One of the best players in recent memory is former Malone High School star, Chai Baker. The Marianna local was the 2014 1A Player of the Year and earned a scholarship to Oregon State.

In August of that year, his life changed as he prepared for his freshman season.

"We were doing some hard conditioning outside, like on the football field we were just running, and it was hard for me to breathe," Chai Baker recalls.

"They were just doing a basic layup drill, and after Chai shot the layup and went back in the line, some of the players saw him fall straight back," Chai’s mother, Niki Baker recounts.

Chai passed out due to hypertrophic cardiomyopathy, an incurable genetic condition that causes the walls in the heart to thicken during exercise. In Chai's case it cut off his blood supply, which could have been fatal. Luckily, the training staff quickly revived him and took him to the hospital, where he was diagnosed. Doctors would not clear him to play.

After spending hours growing up in Jackson County gyms, just like that, Chai's playing days were over.

"When I first heard the news it was devastating,” Chai says, “For me, I thought I could come back from it. I had my mind set that I was and that I could overcome it."
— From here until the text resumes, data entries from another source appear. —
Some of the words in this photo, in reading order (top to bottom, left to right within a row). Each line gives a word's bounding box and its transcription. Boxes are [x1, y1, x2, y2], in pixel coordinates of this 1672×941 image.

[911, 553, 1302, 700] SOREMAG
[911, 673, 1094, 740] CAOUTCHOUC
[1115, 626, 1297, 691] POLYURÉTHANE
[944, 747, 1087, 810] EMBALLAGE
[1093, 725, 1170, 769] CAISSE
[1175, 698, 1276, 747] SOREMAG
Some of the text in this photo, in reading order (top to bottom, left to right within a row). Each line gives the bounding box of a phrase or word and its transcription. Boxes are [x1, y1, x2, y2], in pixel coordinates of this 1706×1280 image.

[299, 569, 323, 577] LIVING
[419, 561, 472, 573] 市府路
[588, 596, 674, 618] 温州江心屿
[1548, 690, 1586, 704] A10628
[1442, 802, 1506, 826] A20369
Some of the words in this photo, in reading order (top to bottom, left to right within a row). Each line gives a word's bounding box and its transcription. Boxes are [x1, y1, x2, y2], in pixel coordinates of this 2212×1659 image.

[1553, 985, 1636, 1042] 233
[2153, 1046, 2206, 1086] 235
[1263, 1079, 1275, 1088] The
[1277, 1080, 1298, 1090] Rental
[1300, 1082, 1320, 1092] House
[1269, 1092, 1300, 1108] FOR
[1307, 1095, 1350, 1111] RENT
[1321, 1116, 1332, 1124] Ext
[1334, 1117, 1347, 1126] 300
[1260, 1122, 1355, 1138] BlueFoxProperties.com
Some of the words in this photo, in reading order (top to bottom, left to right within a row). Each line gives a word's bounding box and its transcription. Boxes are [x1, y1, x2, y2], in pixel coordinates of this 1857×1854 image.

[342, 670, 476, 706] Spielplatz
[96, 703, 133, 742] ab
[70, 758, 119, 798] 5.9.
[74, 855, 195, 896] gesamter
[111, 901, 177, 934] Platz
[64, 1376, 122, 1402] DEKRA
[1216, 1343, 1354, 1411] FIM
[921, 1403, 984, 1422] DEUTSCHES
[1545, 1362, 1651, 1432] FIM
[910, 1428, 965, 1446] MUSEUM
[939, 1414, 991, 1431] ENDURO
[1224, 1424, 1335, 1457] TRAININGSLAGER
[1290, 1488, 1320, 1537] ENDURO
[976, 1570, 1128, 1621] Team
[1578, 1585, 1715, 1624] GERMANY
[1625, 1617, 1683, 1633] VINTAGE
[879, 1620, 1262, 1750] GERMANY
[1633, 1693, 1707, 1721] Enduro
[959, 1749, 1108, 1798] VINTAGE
In the months that followed, Chai kept to himself. He still has to limit his physical activity.

"I know how much he loves the game of basketball, and the level of competitor he is,” Malone Head Coach Steve Welch says, “I would say 'was', but he's still that competitor and he has to battle that every day."

It was that love that brought Chai to a basketball court at a Marianna church on June 20th. He was there to watch a pick-up game, featuring the next big thing to come from Jackson County.

As a Marianna high school stand-out, Herman Williams earned a scholarship to Louisiana-Lafayette. But, just like Chai, Herman would not get to realize those dreams.

"I got the call from Chai saying, 'Mama, Herman just collapsed. The exact same thing as me,'" Niki Baker says.

"He took the ball up to the other team, and I heard him fall,” Chai remembers.

Herman Williams died that day, the day after his 19th birthday, of hypertrophic cardiomyopathy.

"Herman actually kind of molded himself after Chai,” Nike Baker says, “He wanted to be a lot like Chai and he would also tell him a few months before he passed, 'If I can get #2, I'm gonna get #2 to rep that number for you. I'm gonna get it done for you, bruh, I'm gonna do it for you.' So they were very very close."

The entire town of Marianna mourned. The pain affects the Bulldogs to this day.

"A couple of different players have tattoos in honor of him,” Marianna Head Coach Matt Anderson says, “You go home at night, and you're working on practice schedules, and you remember things that Herman impacted. I wish I could explain it, but it's really beyond words."

Herman's death has had a profound impact on Chai.

"That could have been me, and it was actually me in that situation,” Chai says, “But God had a better plan for us. He chose Herman to come home, and He chose me to stay."

Losing his friend and realizing it could just as easily have been him, Chai decided something good needs to come from this tragedy.

"I think it's just given me a voice now. It's given me a voice to open up to kids, or anybody that's willing to listen."

He and his mother are working to raise awareness about heart conditions in sports.

"If you're serious about your sons or your children playing in sports, I would recommend they have EKG or echo done," Nike Baker says.

If you're unsure of the need for testing, look for symptoms.

"If they are unusually tired, have any sort of chest pain or discomfort, or certainly if they pass out at all during any sort of exertion, those are kids that at least need to talk to their doctor, and possibly get a work-up," Dr. Don Davis of Gulf Coast Cardiology advises.

Chai left Oregon State and moved back home to Marianna. For now he's taking classes at Chipola College. He's doing everything he can to honor Herman Williams.